§ Your assignment
Print the line containing "this 1600×1200 image." and every line after it exactly as written, through the end of the records.

§ Records to use
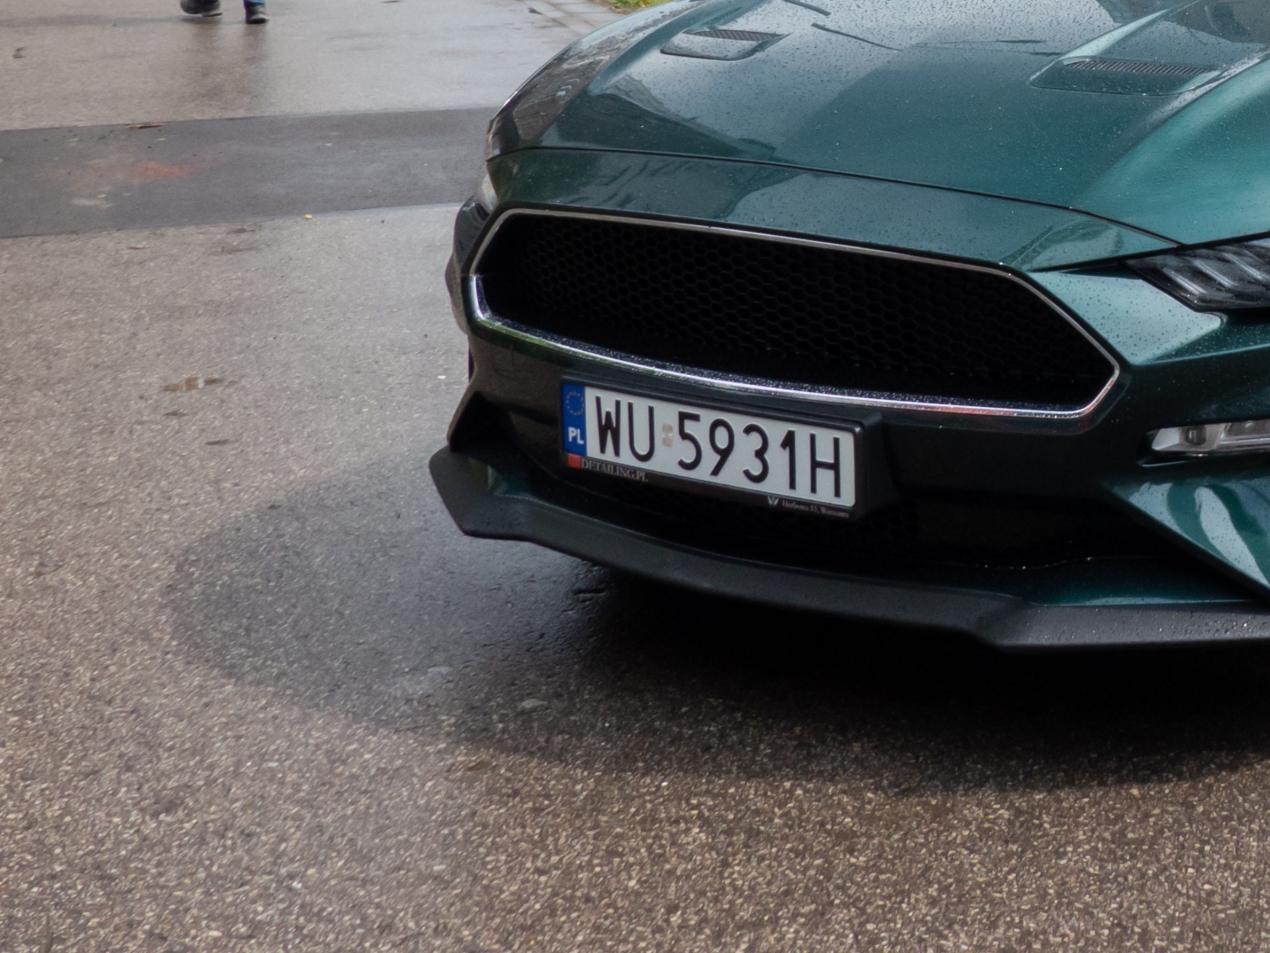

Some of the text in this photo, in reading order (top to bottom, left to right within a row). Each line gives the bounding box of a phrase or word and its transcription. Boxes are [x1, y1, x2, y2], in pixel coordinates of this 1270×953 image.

[568, 426, 584, 445] PL
[595, 396, 841, 498] WU 5931H
[581, 458, 649, 482] DETAILING.PL
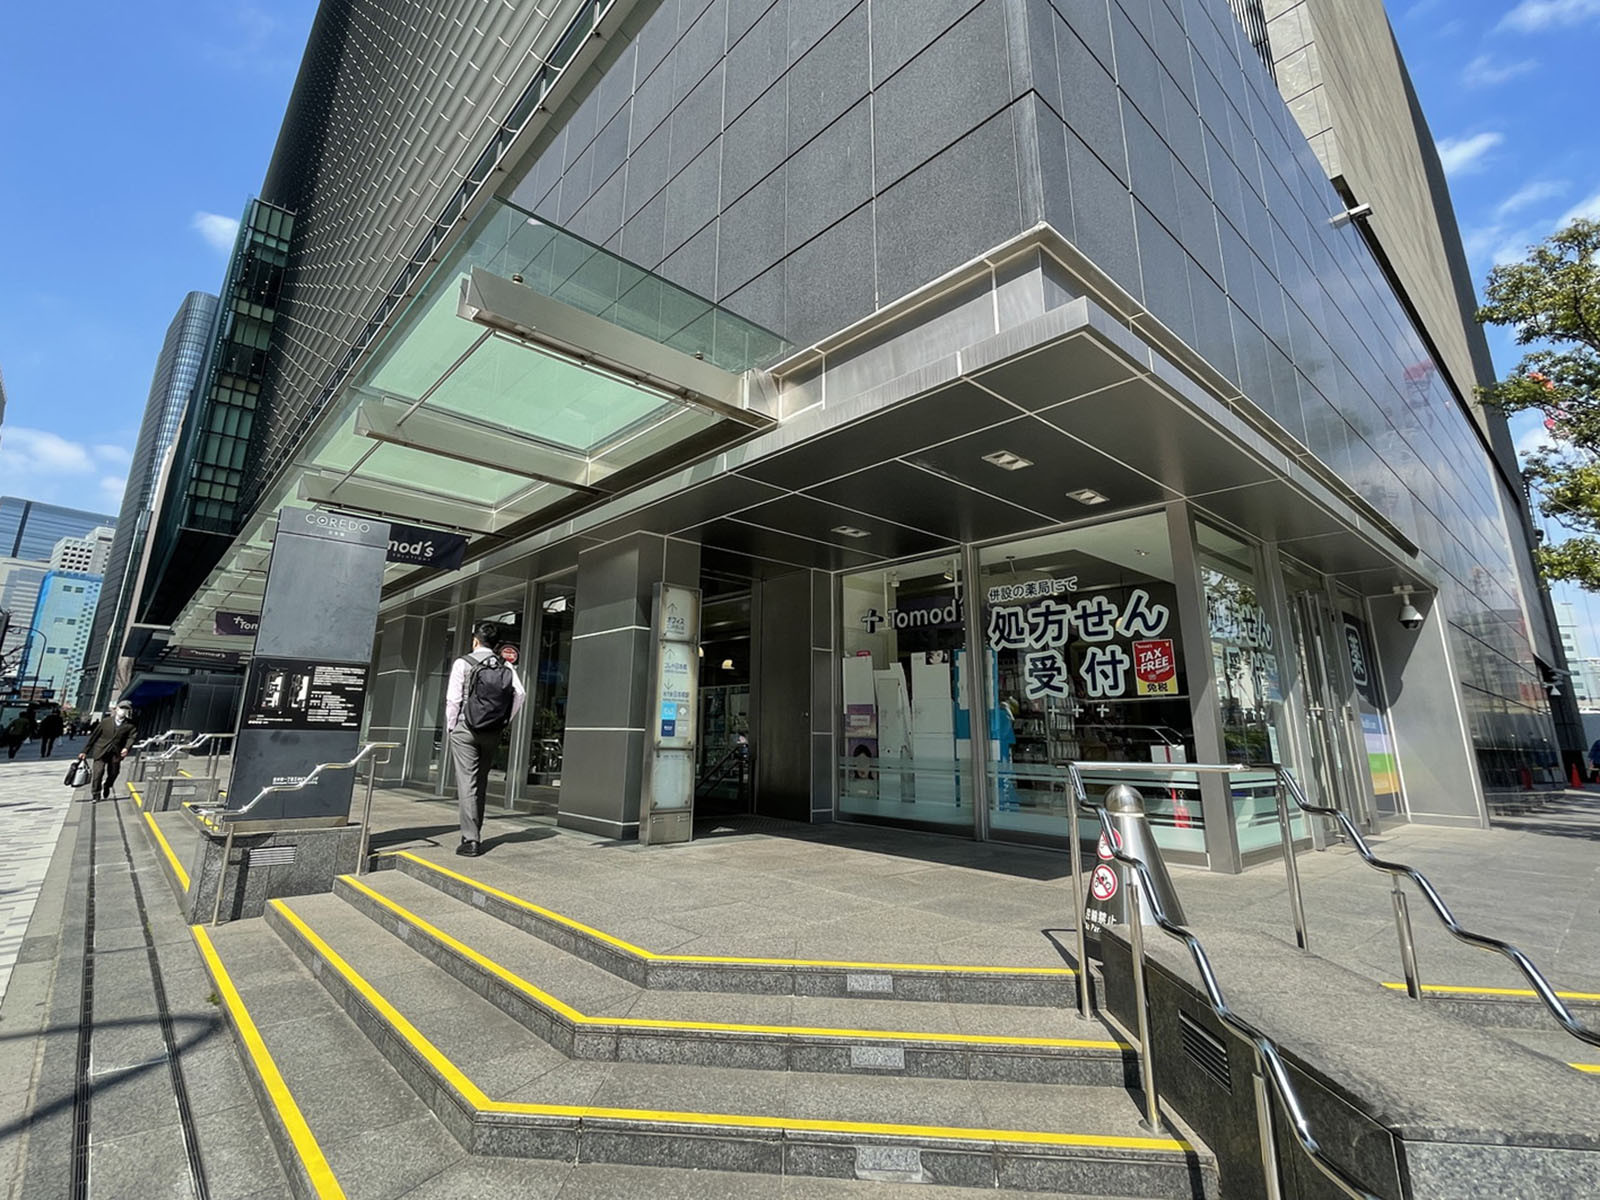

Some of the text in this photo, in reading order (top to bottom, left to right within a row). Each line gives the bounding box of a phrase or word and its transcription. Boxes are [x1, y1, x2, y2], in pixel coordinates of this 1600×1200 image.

[305, 513, 370, 533] COREDO
[387, 540, 435, 557] mod's
[988, 575, 1078, 603] 併設の薬局にて
[988, 588, 1169, 649] 処方せん
[1139, 647, 1162, 663] TAX
[1140, 656, 1169, 674] FREE
[1023, 643, 1131, 699] 受付

§ The completed task
Some of the text in this photo, in reading order (top to bottom, left to right within a row). Each line gives the bounding box of a phrase or word and its transcription. Boxes are [x1, y1, x2, y2], in pixel coordinates of this 1600×1200 image.

[305, 513, 370, 533] COREDO
[387, 540, 435, 557] mod's
[988, 575, 1078, 603] 併設の薬局にて
[988, 588, 1169, 649] 処方せん
[1139, 647, 1162, 663] TAX
[1140, 656, 1169, 674] FREE
[1023, 643, 1131, 699] 受付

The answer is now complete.